● **Task instructions**
Repeat each entry word for word. Leave any images out of the copy.

Spatial localization data:
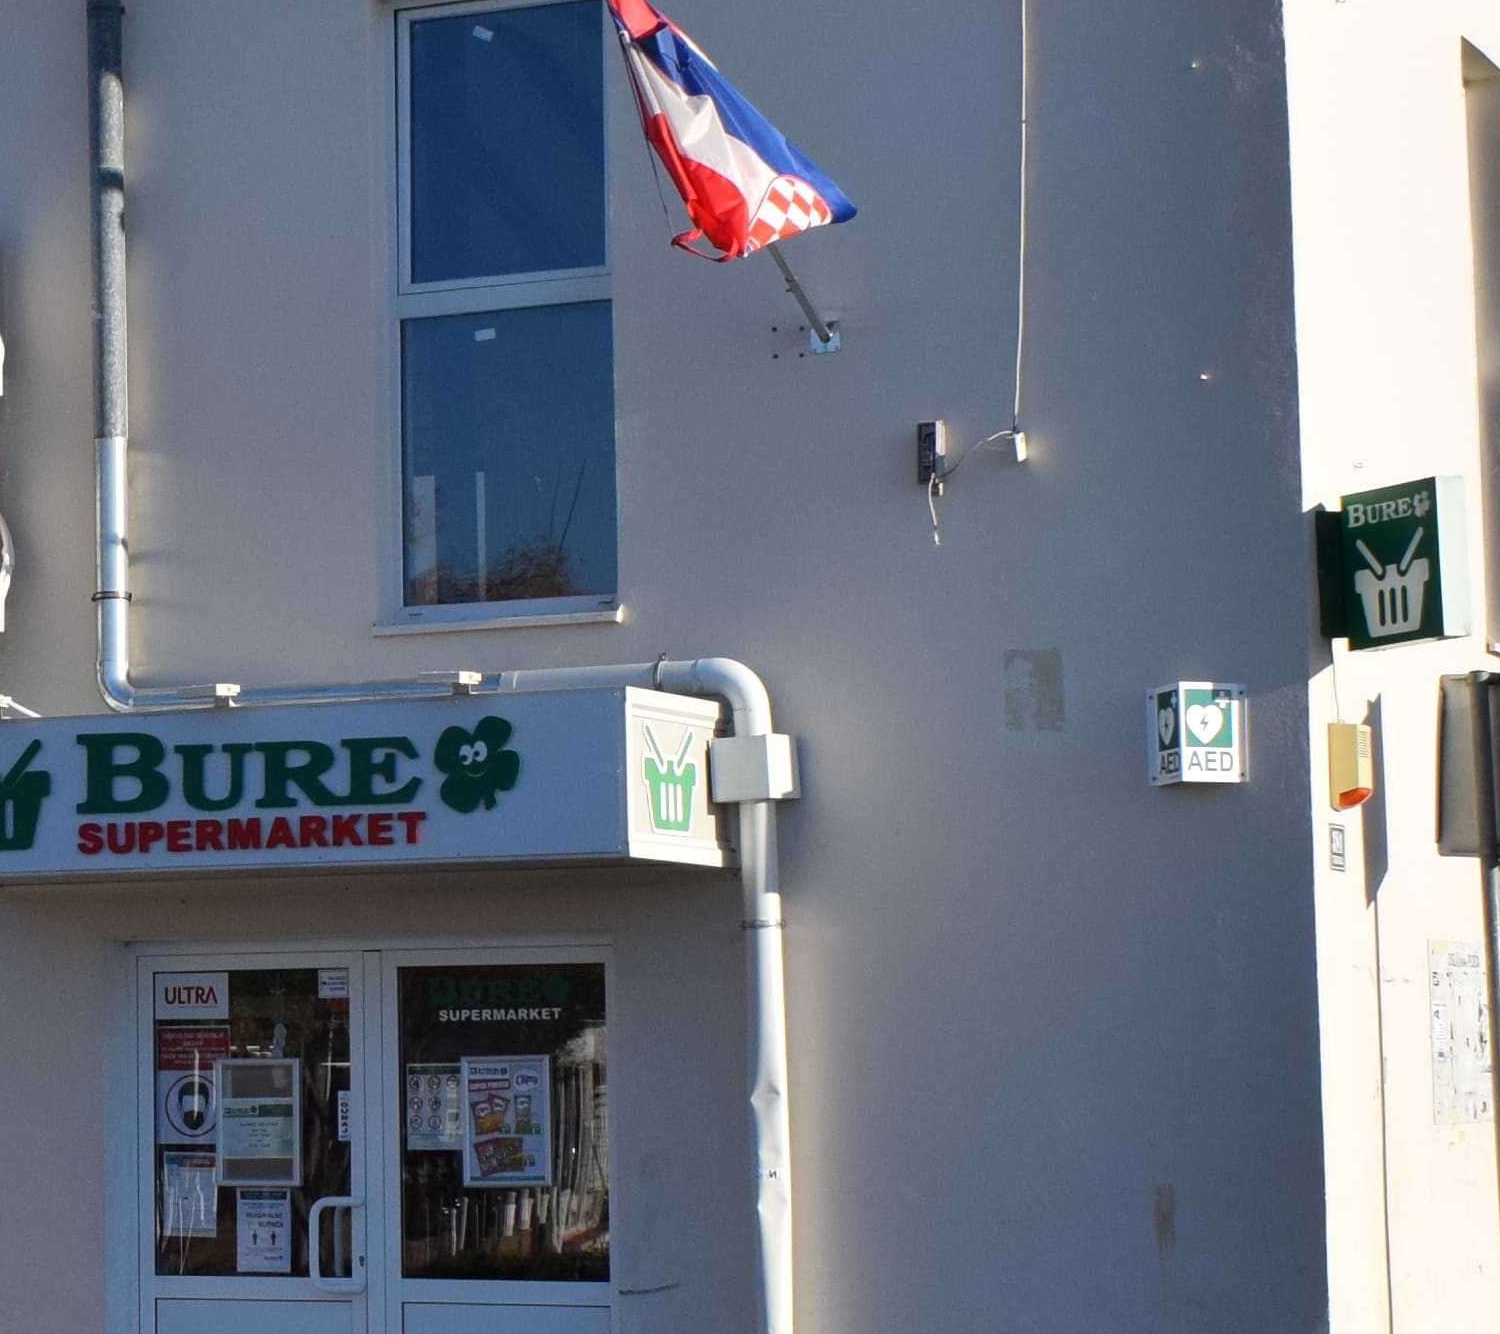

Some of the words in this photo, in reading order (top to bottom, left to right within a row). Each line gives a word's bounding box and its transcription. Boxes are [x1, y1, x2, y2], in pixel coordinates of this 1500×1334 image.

[1346, 497, 1413, 529] BURE
[76, 732, 423, 814] BURE
[1187, 750, 1234, 772] AED
[77, 811, 427, 856] SUPERMARKET
[164, 985, 219, 1005] ULTRA
[438, 1007, 562, 1023] SUPERMARKET

● **Written answer**
Some of the words in this photo, in reading order (top to bottom, left to right within a row). Each line gives a word's bounding box and its transcription. Boxes are [x1, y1, x2, y2], in pixel coordinates of this 1500×1334 image.

[1346, 497, 1413, 529] BURE
[76, 732, 423, 814] BURE
[1187, 750, 1234, 772] AED
[77, 811, 427, 856] SUPERMARKET
[164, 985, 219, 1005] ULTRA
[438, 1007, 562, 1023] SUPERMARKET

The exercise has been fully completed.